** Data section follows **

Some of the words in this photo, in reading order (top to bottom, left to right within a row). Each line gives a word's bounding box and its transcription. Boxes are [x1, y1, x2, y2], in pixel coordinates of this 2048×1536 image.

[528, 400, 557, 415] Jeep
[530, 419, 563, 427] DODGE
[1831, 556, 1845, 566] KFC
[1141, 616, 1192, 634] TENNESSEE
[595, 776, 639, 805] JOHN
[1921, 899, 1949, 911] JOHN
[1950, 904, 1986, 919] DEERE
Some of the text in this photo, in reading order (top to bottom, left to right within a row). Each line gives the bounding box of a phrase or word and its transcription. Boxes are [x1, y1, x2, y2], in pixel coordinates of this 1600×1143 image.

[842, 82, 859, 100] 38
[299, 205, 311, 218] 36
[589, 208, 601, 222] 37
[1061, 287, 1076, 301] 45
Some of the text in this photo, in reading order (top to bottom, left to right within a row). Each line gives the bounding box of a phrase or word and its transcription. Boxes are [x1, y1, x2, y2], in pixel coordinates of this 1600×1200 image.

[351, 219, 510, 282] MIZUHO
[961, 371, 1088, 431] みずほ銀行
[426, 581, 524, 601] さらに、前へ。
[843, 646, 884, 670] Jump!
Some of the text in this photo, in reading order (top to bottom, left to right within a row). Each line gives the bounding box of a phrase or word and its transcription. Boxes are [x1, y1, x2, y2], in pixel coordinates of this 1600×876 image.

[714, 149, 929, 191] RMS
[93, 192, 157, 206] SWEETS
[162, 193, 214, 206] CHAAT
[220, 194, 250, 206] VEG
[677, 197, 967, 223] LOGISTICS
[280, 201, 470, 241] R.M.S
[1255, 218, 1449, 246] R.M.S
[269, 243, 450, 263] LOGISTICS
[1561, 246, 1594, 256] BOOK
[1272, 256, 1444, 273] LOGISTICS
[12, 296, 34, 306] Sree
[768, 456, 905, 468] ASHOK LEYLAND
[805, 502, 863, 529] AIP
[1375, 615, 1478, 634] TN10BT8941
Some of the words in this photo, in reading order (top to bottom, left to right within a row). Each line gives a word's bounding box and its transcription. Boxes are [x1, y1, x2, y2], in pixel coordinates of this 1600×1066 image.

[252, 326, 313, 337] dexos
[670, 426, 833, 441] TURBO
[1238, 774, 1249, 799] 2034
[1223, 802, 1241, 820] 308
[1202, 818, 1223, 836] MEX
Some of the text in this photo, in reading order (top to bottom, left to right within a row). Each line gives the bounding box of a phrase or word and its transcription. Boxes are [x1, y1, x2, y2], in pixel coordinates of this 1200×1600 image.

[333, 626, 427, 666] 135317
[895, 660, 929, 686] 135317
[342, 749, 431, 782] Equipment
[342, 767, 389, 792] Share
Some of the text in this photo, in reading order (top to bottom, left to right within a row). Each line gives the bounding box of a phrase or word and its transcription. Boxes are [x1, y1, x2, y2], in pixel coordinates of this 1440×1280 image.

** End of Data section **

▶ _Required work_: The entries above must be transcribed word for word.

▶ _Solution for this exercise_:
Some of the words in this photo, in reading order (top to bottom, left to right within a row). Each line gives a word's bounding box and its transcription. Boxes are [x1, y1, x2, y2], in pixel coordinates of this 2048×1536 image.

[528, 400, 557, 415] Jeep
[530, 419, 563, 427] DODGE
[1831, 556, 1845, 566] KFC
[1141, 616, 1192, 634] TENNESSEE
[595, 776, 639, 805] JOHN
[1921, 899, 1949, 911] JOHN
[1950, 904, 1986, 919] DEERE
Some of the text in this photo, in reading order (top to bottom, left to right within a row). Each line gives the bounding box of a phrase or word and its transcription. Boxes are [x1, y1, x2, y2], in pixel coordinates of this 1600×1143 image.

[842, 82, 859, 100] 38
[299, 205, 311, 218] 36
[589, 208, 601, 222] 37
[1061, 287, 1076, 301] 45
Some of the text in this photo, in reading order (top to bottom, left to right within a row). Each line gives the bounding box of a phrase or word and its transcription. Boxes are [x1, y1, x2, y2], in pixel coordinates of this 1600×1200 image.

[351, 219, 510, 282] MIZUHO
[961, 371, 1088, 431] みずほ銀行
[426, 581, 524, 601] さらに、前へ。
[843, 646, 884, 670] Jump!
Some of the text in this photo, in reading order (top to bottom, left to right within a row). Each line gives the bounding box of a phrase or word and its transcription. Boxes are [x1, y1, x2, y2], in pixel coordinates of this 1600×876 image.

[714, 149, 929, 191] RMS
[93, 192, 157, 206] SWEETS
[162, 193, 214, 206] CHAAT
[220, 194, 250, 206] VEG
[677, 197, 967, 223] LOGISTICS
[280, 201, 470, 241] R.M.S
[1255, 218, 1449, 246] R.M.S
[269, 243, 450, 263] LOGISTICS
[1561, 246, 1594, 256] BOOK
[1272, 256, 1444, 273] LOGISTICS
[12, 296, 34, 306] Sree
[768, 456, 905, 468] ASHOK LEYLAND
[805, 502, 863, 529] AIP
[1375, 615, 1478, 634] TN10BT8941
Some of the words in this photo, in reading order (top to bottom, left to right within a row). Each line gives a word's bounding box and its transcription. Boxes are [x1, y1, x2, y2], in pixel coordinates of this 1600×1066 image.

[252, 326, 313, 337] dexos
[670, 426, 833, 441] TURBO
[1238, 774, 1249, 799] 2034
[1223, 802, 1241, 820] 308
[1202, 818, 1223, 836] MEX
Some of the text in this photo, in reading order (top to bottom, left to right within a row). Each line gives the bounding box of a phrase or word and its transcription. Boxes are [x1, y1, x2, y2], in pixel coordinates of this 1200×1600 image.

[333, 626, 427, 666] 135317
[895, 660, 929, 686] 135317
[342, 749, 431, 782] Equipment
[342, 767, 389, 792] Share
Some of the text in this photo, in reading order (top to bottom, left to right within a row). Each line gives the bounding box of a phrase or word and its transcription. Boxes are [x1, y1, x2, y2], in pixel coordinates of this 1440×1280 image.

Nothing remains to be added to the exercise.